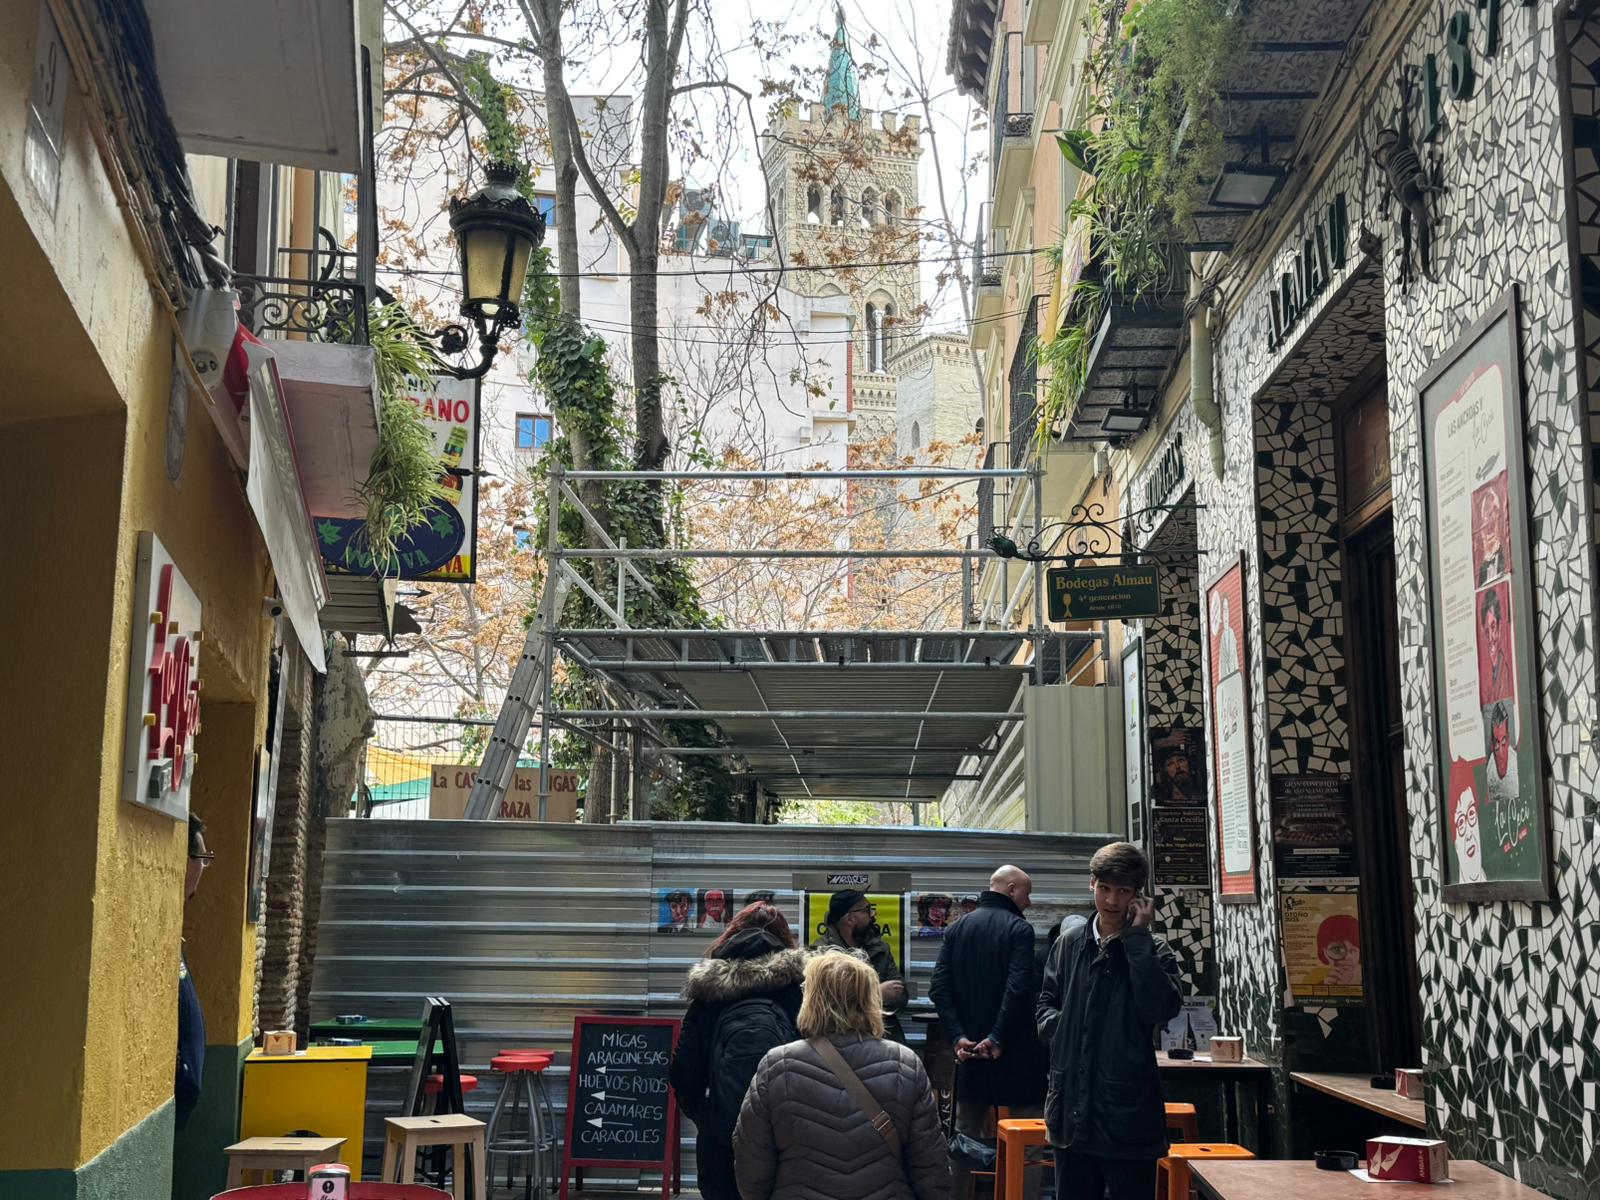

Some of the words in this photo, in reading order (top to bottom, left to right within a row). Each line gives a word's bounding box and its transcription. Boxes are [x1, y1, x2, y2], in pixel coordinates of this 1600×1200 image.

[1268, 192, 1346, 353] ALMAU
[1055, 576, 1109, 590] Bodegas
[1112, 573, 1153, 586] Almau
[432, 771, 448, 788] La
[455, 772, 477, 789] CAS
[515, 774, 531, 791] las
[549, 775, 577, 792] IGAS
[497, 801, 531, 818] RAZA
[587, 1050, 669, 1066] ARAGONESAS
[579, 1074, 630, 1091] HUEVOS
[632, 1075, 669, 1094] ROTOS
[584, 1102, 663, 1120] CALAMARES
[581, 1129, 660, 1143] CARACOLES
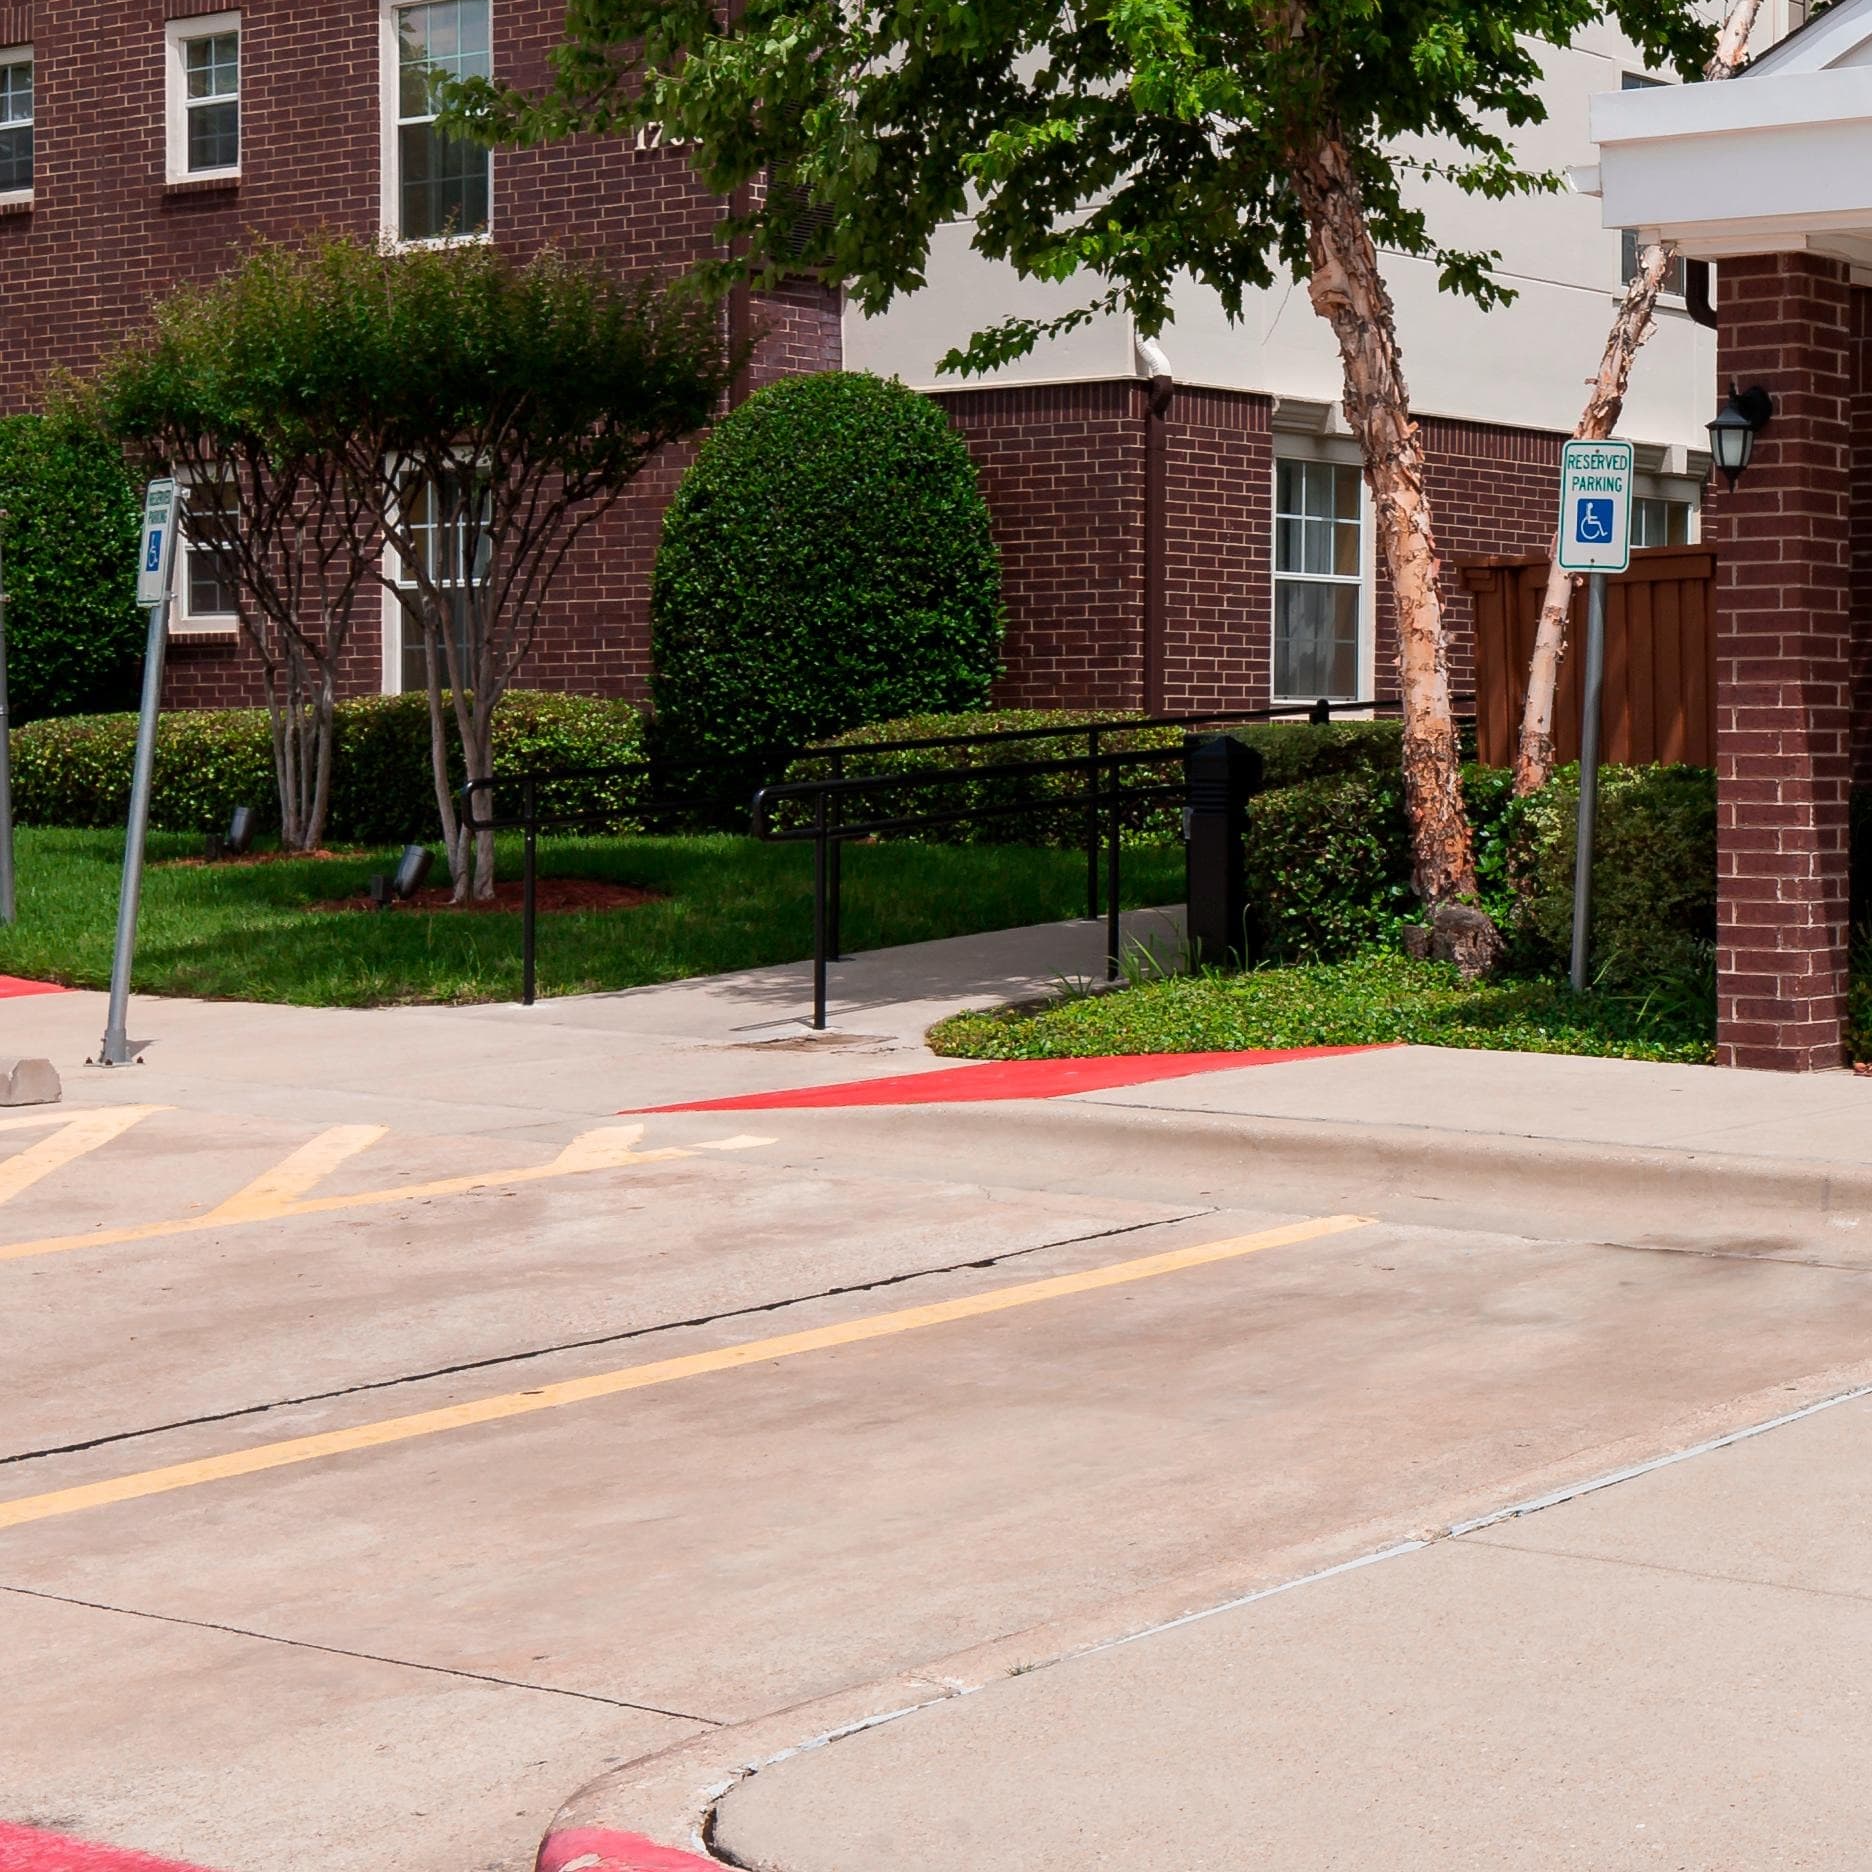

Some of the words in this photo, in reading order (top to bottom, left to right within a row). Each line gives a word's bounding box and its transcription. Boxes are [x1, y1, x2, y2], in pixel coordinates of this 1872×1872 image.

What to produce:
I would like the data above transcribed exactly, with its pictures left out.

Result:
Some of the words in this photo, in reading order (top to bottom, left to right within a row). Each line gives a word's bounding box and its transcription. Boxes are [x1, y1, x2, y2], in pixel coordinates of this 1600×1200 image.

[1268, 192, 1346, 353] ALMAU
[1055, 576, 1109, 590] Bodegas
[1112, 573, 1153, 586] Almau
[432, 771, 448, 788] La
[455, 772, 477, 789] CAS
[515, 774, 531, 791] las
[549, 775, 577, 792] IGAS
[497, 801, 531, 818] RAZA
[587, 1050, 669, 1066] ARAGONESAS
[579, 1074, 630, 1091] HUEVOS
[632, 1075, 669, 1094] ROTOS
[584, 1102, 663, 1120] CALAMARES
[581, 1129, 660, 1143] CARACOLES

Some of the words in this photo, in reading order (top to bottom, left to right within a row). Each line gives a word's bounding box and its transcription. Boxes are [x1, y1, x2, y2], in pixel coordinates of this 1872×1872 image.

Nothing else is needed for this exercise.